In both of these cases, proponents of these congressional actions are stripping these protections in the name of religious liberty.

Of course they are; it’s the hot new thing. Religions are full of ugly rules and laws and taboos that treat sets of people like dirt, so they make a great alibi for being evil. Not that I’m saying that’s why people are religious, but people who demand the right to treat people like dirt because religious liberty – those people have bad priorities.

Comments

  1. Saad: Openly Feminist Gamer says

    That’s it, religious right. Keep closing the gap between yourself and ISIL.

    Meanwhile, accuse President Obama of being buddies with the terrorists.

  2. screechymonkey says

    Will this committee vote to let employers fire people (1) for being atheist, (2) for reading Dan Savage, (3) for not reading the bible, (4) for not going to church, (5) for going to mosque, (6) for dancing, (7) for cheering the wrong football team, (8) for eating falafel?

    (numbers added by me)
    2, 6, 7, and 8 are probably already legal, assuming those are the actual self-sufficient reasons and not part of some broader scheme of impermissible discrimination. (E.g. Firing someone for dancing because that means they’re not a True Member of the Right Religion would be illegal, firing someone for dancing because you just think dancing is stupid and frivolous and don’t want employees who do things you think are stupid and frivolous in their spare time is peachy keen.)

    In most U.S. jurisdictions, employment is “at-will” and employees can be fired for any reason whatsoever — even stupid, arbitrary, or illogical reasons — with some very specific exceptions.

    Perhaps everyone here already knows this, but I encounter a lot of people who are shocked by it.

  3. khms says

    I already know this and yet I am shocked anew every time it is brought up – even if I bring it up myself.

    There are no words.

  4. Scr... Archivist says

    The resolution: https://www.congress.gov/114/bills/hjres43/BILLS-114hjres43ih.pdf I would have liked to see some “whereases”.

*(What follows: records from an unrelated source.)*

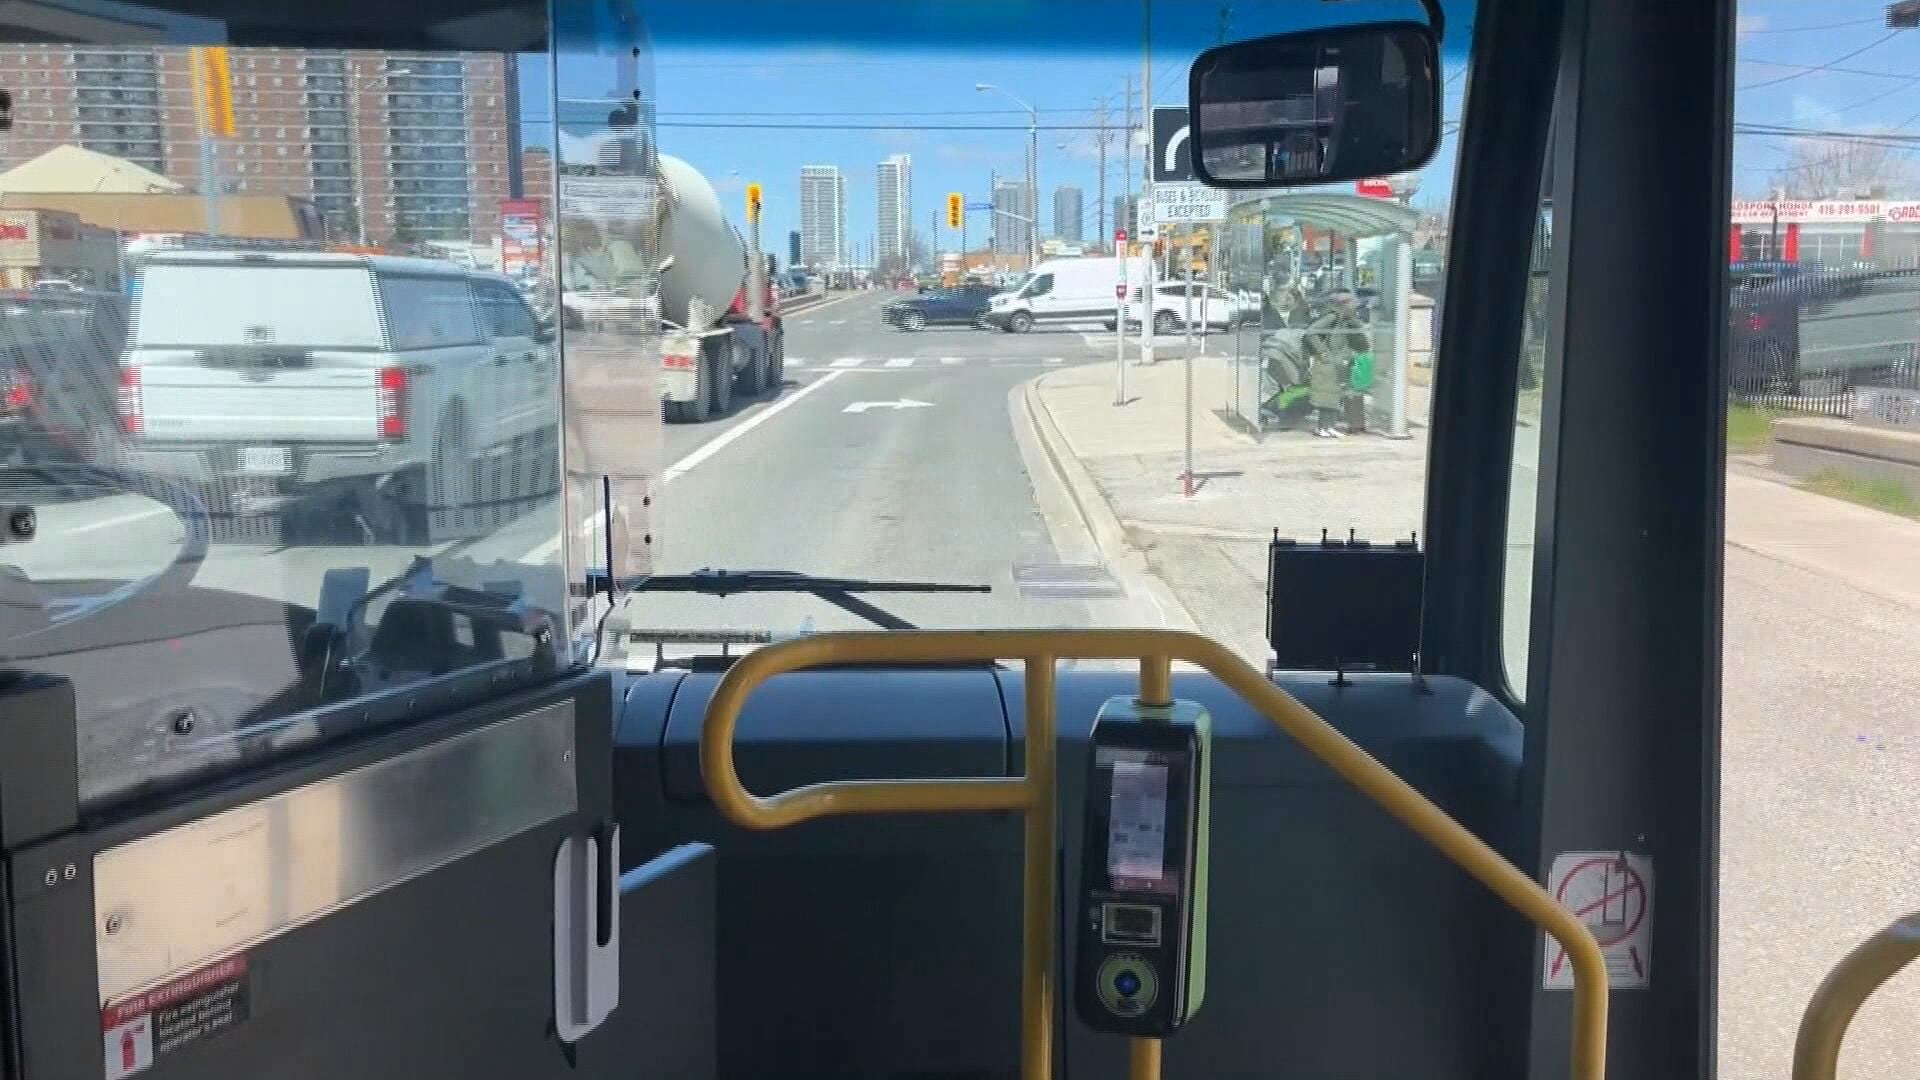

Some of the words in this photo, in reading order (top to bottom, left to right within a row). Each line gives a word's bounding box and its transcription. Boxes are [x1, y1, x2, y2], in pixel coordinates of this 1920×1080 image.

[1155, 190, 1177, 204] BUSES
[1179, 190, 1186, 203] &
[1188, 190, 1224, 204] BICYCLES
[1168, 204, 1211, 217] EXCEPTED
[1779, 201, 1813, 211] HONDA
[117, 998, 146, 1019] FIRE
[149, 963, 235, 1010] EXTINGUISHER
[159, 1010, 179, 1026] Fire
[180, 983, 239, 1014] extinguisher
[159, 1013, 196, 1038] located
[198, 999, 232, 1020] behind
[159, 1024, 211, 1054] operator's
[212, 1011, 233, 1028] seat
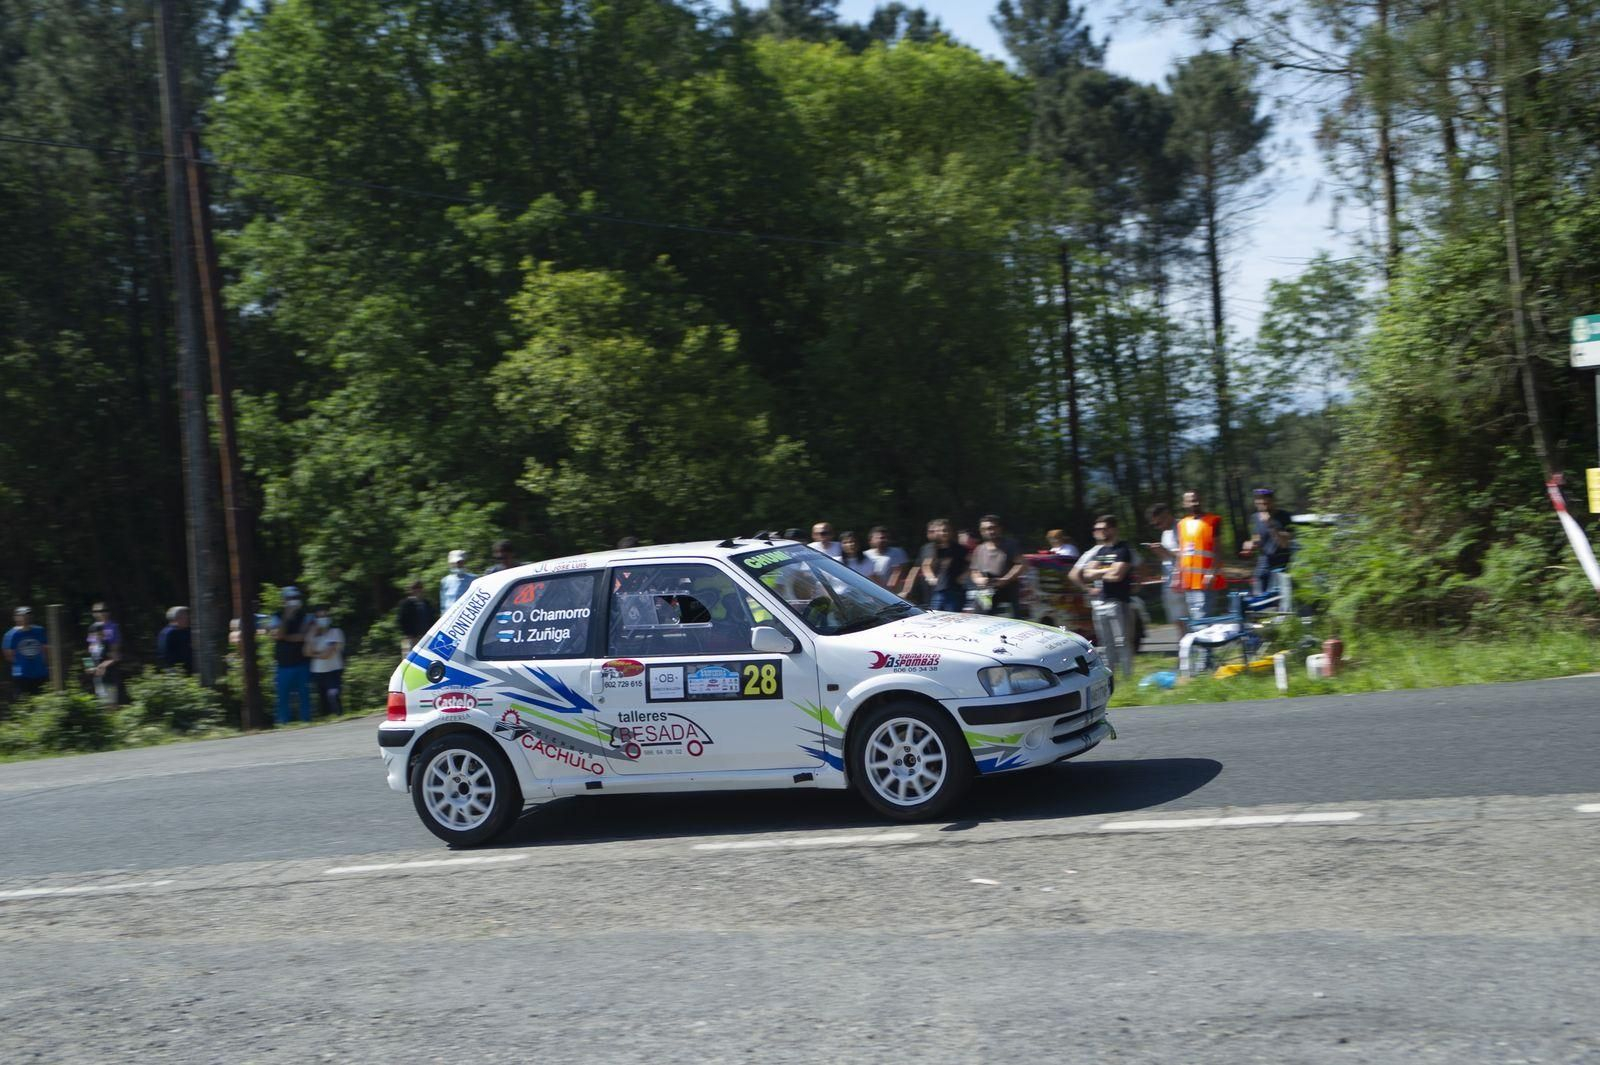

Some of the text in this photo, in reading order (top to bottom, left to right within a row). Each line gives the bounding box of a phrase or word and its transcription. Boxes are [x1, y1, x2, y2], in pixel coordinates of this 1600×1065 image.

    It was introduced by the following (all religious affiliations according to Wikipedia):
    — Diane Black, from Tennessee’s 6th district, member of the Evangelical Lutheran Church in America
    — Bill Flores, from Texas’s 17th district, Southern Baptist
    — Mark Meadows, from North Carolina’s 11th district, follower of “Evangelicalism”

    The sooner Washington City becomes part of Maryland, the better.

  5. says

    Marcus Ranum (#4) –

    House of Representatives
    Who, exactly, do they represent?

    Who else but the hard core and rabid christians, who say “represent!” to draw attention to themselves and make others feel uncomfortable?

    House of Reprehensible is more like it.

  6. JoeBuddha says

    So, let me get this straight: Corporations and Employers are people. Employees? Not so much.